Thursday 21 March 2024

Diversity is our Decay

 "Diversity is our strength" is a shibboleth parroted by our careerist and pusillanimous politicians and enforced by human resources departments throughout the West.  A whole legal framework of human rights, not so much codifying inherited civic rights as enforcing an ideology of diversity has binding power throughout the West.   Diversity and its corollary, inclusivity were cited as the justification for perpetuating the war in the Donbas (despite the key diverse idols of homosexuality and abortion being legal in the Russian Federation).  

In terms of the Post-War paradigm being predicated on anti-authoritarianism and imposed unity, this obsession with diversity makes some sense.  Of course, the contradiction is diversity of opinion is not permitted, because then the natural perspective embodied throughout the rest of the world and throughout the history of the whole world including the West, would contradict today's mantras of wokeism.

Indeed, the modern West's obsession with individualistic diversity is exceptional in the sense of being an aberration, with no historical equivalent.  It is contingent upon our Christian culture, while being a perversion and twisting of that inheritance.  For most of mankind's existence the question has not been how to enable and protect diversity, but how to return to holistic unity.  From Plato to Eastern spirituality, we have understood diversity and idiosyncrasy to be a fracturing of a holy unity to which we strive to return as the telos of Mankind.

The Russian philosopher who finally became an Orthodox monk, Konstantin Leontiev, known as the Christian Nietzsche provided a powerful symbol of the body politick's progress towards individual diversity as being akin to the decay of a corpse that fragments and breaks up into individual pieces.  This fragmentation can be contrasted with the ideal put forward by French Integralist Charles Maurras for whom a return to the Catholic Church and the Monarchy would re-integrate French society unifying it and overcoming the disintegration set in train by the Jacobin revolution.

Nonetheless, there is a connection between the disintegration into atomised individualism, where people celebrate their idiosyncratic enslavement to their passions and the Church.  It is though a connection between Orthodoxy and a derivative heresy.  Christian theology of the person and liberal individualism are linked in the same way as Orthodox teaching on the Word made flesh is to Arianism.

Diversity as an idea stems from  liberal individualism, itself a heretical derivative from Man as the image of God, the Imago Dei.  We must understand here that the Christian faith answered the dilemma of Greek philosophy - how to solve the problem of the One and the Many.  For most schools of classical thought the break up from unity into diverse particulars was seen as a fall and a disintegration.  The Church Fathers, in particular Saint Maximus the Confessor were able to provide the answer to this age-old dilemma and the answer lay in Christ.

In His Incarnation Christ joins the transcendent and the immanent, the universal and the particular, the One and the Many, God and Man.  As Saint Athanasius and Saint Irenaeus put it - God became man that Men might become gods.  This intertwining without loss of identity between Christ's two natures - divine and human - was further elucidated by Saint Gregory of Palamas's distinction between Divine Energies and Essence.  The essence of the divine and the human are not confused, but distinct for we are being joined in energies not substance or essence.  Thus identity is retained as in love and sexual union.

Furthermore, the Church revealed that God was not an impersonal One as the Neoplatonists held into which we would be absorbed and dissolved, losing out identity.  God is rather Three Persons in One God, three hypostases and one substance.  This then is the solution to the Greek problem of the One and the Many and it is found in personhood.  We are not simply reabsorbed into a Platonic One, but retain our identities in relationship with the Triune God.

That personhood is expressed through relationship, just as the Trinity is three divine Persons in One.  It is not the degraded atomisation into individualism.
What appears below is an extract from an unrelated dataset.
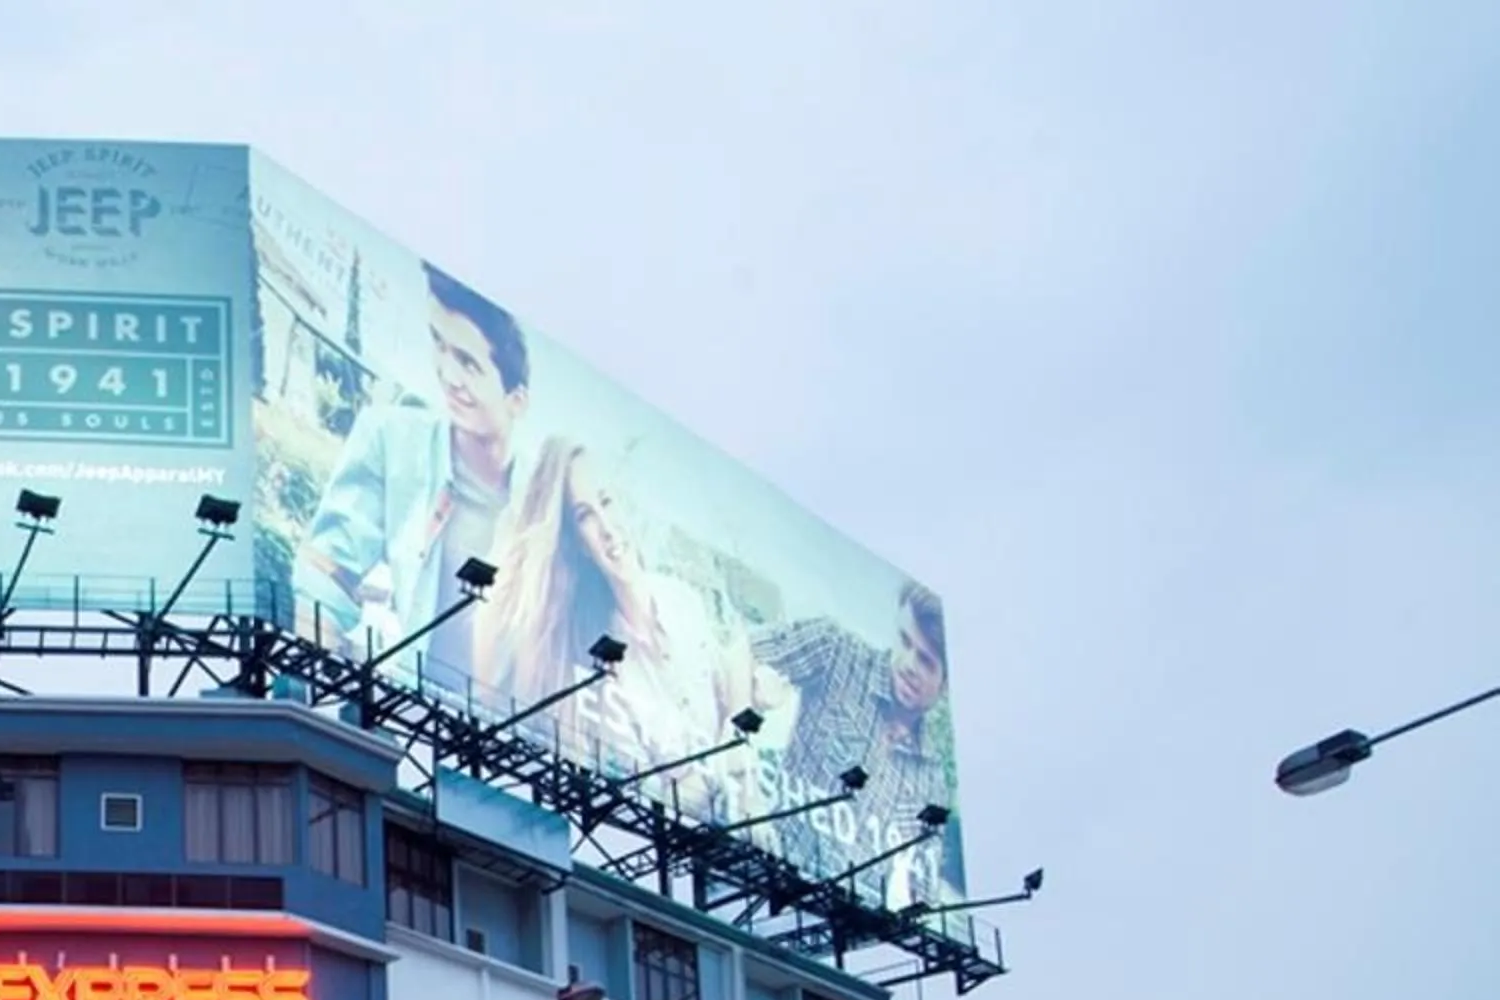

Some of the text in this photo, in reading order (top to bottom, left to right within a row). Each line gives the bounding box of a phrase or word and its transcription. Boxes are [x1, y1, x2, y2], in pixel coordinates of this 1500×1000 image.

And that personhood in Man has a telos, to participate in the Divine, growing into the full stature of Christ.

The sanctity of personhood and freedom have been developed by contemporary Orthodox theologians such as Vladimir Lossky and Christos Yannaras.  Our telos is Christ, but it is manifested in our irreplaceability and importantly this irreplaceability of our personhood is expressed through freedom from the passions.

Yes it rests on freedom, because we can only authentically grow into Christ if we choose that path - but it is not freedom to be enslaved to the passions.  This is why Western churches have gone so awry - in their emphasis on inclusivity they say we accept you as you are, whatever passions have enslaved you.  God wants the best for us and will not leave us trapped in our passions.  True identity is unique and irreplaceable, but it is in the fulfilment of our telos to attain the likeness of the divine.  We all start as the imago Dei but having lost the likeness, but our fallen state is put right by attaining likeness though theosis or sanctification.  This is full freedom, not falling short through sin into enslavement to the passions, be that avarice and greed or promiscuity or homosexuality, so promoted by the Western elites.  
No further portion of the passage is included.